Exercise: A verbatim reproduction of every entry is the expected answer.

Source records:
Segment Open
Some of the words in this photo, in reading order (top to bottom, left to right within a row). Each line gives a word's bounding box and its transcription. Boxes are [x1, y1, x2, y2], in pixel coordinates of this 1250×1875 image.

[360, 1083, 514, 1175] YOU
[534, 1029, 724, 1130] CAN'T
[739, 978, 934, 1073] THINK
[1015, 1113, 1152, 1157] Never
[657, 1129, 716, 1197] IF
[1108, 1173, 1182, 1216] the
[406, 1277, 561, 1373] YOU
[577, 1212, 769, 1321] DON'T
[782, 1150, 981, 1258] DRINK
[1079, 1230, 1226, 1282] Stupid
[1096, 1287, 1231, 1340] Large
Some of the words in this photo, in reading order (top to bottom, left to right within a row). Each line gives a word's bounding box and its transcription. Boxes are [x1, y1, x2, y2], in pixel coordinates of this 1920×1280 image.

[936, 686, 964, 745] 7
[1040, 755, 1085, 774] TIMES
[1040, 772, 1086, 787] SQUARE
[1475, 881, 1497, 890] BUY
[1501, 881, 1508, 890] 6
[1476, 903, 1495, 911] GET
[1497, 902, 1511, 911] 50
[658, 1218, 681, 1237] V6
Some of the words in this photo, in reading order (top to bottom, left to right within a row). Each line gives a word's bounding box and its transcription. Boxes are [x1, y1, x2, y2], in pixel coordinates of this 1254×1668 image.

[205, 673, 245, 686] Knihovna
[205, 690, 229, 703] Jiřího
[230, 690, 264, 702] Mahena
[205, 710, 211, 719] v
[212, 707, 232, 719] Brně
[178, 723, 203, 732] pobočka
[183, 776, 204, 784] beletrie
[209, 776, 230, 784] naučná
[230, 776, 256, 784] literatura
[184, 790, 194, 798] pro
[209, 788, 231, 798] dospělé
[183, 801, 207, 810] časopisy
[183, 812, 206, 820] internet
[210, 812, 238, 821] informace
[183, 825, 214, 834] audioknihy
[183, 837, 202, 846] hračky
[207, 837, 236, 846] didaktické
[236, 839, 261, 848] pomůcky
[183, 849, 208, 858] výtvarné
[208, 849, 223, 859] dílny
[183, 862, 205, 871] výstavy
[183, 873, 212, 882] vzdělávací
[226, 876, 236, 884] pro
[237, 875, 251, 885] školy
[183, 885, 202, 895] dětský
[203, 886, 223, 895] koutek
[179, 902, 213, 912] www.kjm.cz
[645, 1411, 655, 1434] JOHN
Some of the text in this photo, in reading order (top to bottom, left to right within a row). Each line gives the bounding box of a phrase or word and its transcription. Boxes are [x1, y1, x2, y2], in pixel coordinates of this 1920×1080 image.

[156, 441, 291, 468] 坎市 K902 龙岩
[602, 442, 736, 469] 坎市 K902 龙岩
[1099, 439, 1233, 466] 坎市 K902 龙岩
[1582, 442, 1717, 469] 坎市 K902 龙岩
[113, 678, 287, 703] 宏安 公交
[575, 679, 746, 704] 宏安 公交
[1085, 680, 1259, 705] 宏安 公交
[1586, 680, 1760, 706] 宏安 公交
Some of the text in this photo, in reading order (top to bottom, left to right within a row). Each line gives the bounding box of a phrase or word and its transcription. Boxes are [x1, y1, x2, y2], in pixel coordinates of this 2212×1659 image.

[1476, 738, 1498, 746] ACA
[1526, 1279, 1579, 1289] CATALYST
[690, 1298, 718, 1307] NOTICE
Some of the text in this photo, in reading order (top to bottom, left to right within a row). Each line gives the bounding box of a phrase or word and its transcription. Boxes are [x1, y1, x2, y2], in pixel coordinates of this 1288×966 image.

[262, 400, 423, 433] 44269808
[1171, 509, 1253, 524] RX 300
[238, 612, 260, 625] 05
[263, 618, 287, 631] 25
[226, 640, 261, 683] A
Segment Closed
Answer section:
Some of the words in this photo, in reading order (top to bottom, left to right within a row). Each line gives a word's bounding box and its transcription. Boxes are [x1, y1, x2, y2], in pixel coordinates of this 1250×1875 image.

[360, 1083, 514, 1175] YOU
[534, 1029, 724, 1130] CAN'T
[739, 978, 934, 1073] THINK
[1015, 1113, 1152, 1157] Never
[657, 1129, 716, 1197] IF
[1108, 1173, 1182, 1216] the
[406, 1277, 561, 1373] YOU
[577, 1212, 769, 1321] DON'T
[782, 1150, 981, 1258] DRINK
[1079, 1230, 1226, 1282] Stupid
[1096, 1287, 1231, 1340] Large
Some of the words in this photo, in reading order (top to bottom, left to right within a row). Each line gives a word's bounding box and its transcription. Boxes are [x1, y1, x2, y2], in pixel coordinates of this 1920×1280 image.

[936, 686, 964, 745] 7
[1040, 755, 1085, 774] TIMES
[1040, 772, 1086, 787] SQUARE
[1475, 881, 1497, 890] BUY
[1501, 881, 1508, 890] 6
[1476, 903, 1495, 911] GET
[1497, 902, 1511, 911] 50
[658, 1218, 681, 1237] V6
Some of the words in this photo, in reading order (top to bottom, left to right within a row). Each line gives a word's bounding box and its transcription. Boxes are [x1, y1, x2, y2], in pixel coordinates of this 1254×1668 image.

[205, 673, 245, 686] Knihovna
[205, 690, 229, 703] Jiřího
[230, 690, 264, 702] Mahena
[205, 710, 211, 719] v
[212, 707, 232, 719] Brně
[178, 723, 203, 732] pobočka
[183, 776, 204, 784] beletrie
[209, 776, 230, 784] naučná
[230, 776, 256, 784] literatura
[184, 790, 194, 798] pro
[209, 788, 231, 798] dospělé
[183, 801, 207, 810] časopisy
[183, 812, 206, 820] internet
[210, 812, 238, 821] informace
[183, 825, 214, 834] audioknihy
[183, 837, 202, 846] hračky
[207, 837, 236, 846] didaktické
[236, 839, 261, 848] pomůcky
[183, 849, 208, 858] výtvarné
[208, 849, 223, 859] dílny
[183, 862, 205, 871] výstavy
[183, 873, 212, 882] vzdělávací
[226, 876, 236, 884] pro
[237, 875, 251, 885] školy
[183, 885, 202, 895] dětský
[203, 886, 223, 895] koutek
[179, 902, 213, 912] www.kjm.cz
[645, 1411, 655, 1434] JOHN
Some of the text in this photo, in reading order (top to bottom, left to right within a row). Each line gives the bounding box of a phrase or word and its transcription. Boxes are [x1, y1, x2, y2], in pixel coordinates of this 1920×1080 image.

[156, 441, 291, 468] 坎市 K902 龙岩
[602, 442, 736, 469] 坎市 K902 龙岩
[1099, 439, 1233, 466] 坎市 K902 龙岩
[1582, 442, 1717, 469] 坎市 K902 龙岩
[113, 678, 287, 703] 宏安 公交
[575, 679, 746, 704] 宏安 公交
[1085, 680, 1259, 705] 宏安 公交
[1586, 680, 1760, 706] 宏安 公交
Some of the text in this photo, in reading order (top to bottom, left to right within a row). Each line gives the bounding box of a phrase or word and its transcription. Boxes are [x1, y1, x2, y2], in pixel coordinates of this 2212×1659 image.

[1476, 738, 1498, 746] ACA
[1526, 1279, 1579, 1289] CATALYST
[690, 1298, 718, 1307] NOTICE
Some of the text in this photo, in reading order (top to bottom, left to right within a row). Each line gives the bounding box of a phrase or word and its transcription. Boxes are [x1, y1, x2, y2], in pixel coordinates of this 1288×966 image.

[262, 400, 423, 433] 44269808
[1171, 509, 1253, 524] RX 300
[238, 612, 260, 625] 05
[263, 618, 287, 631] 25
[226, 640, 261, 683] A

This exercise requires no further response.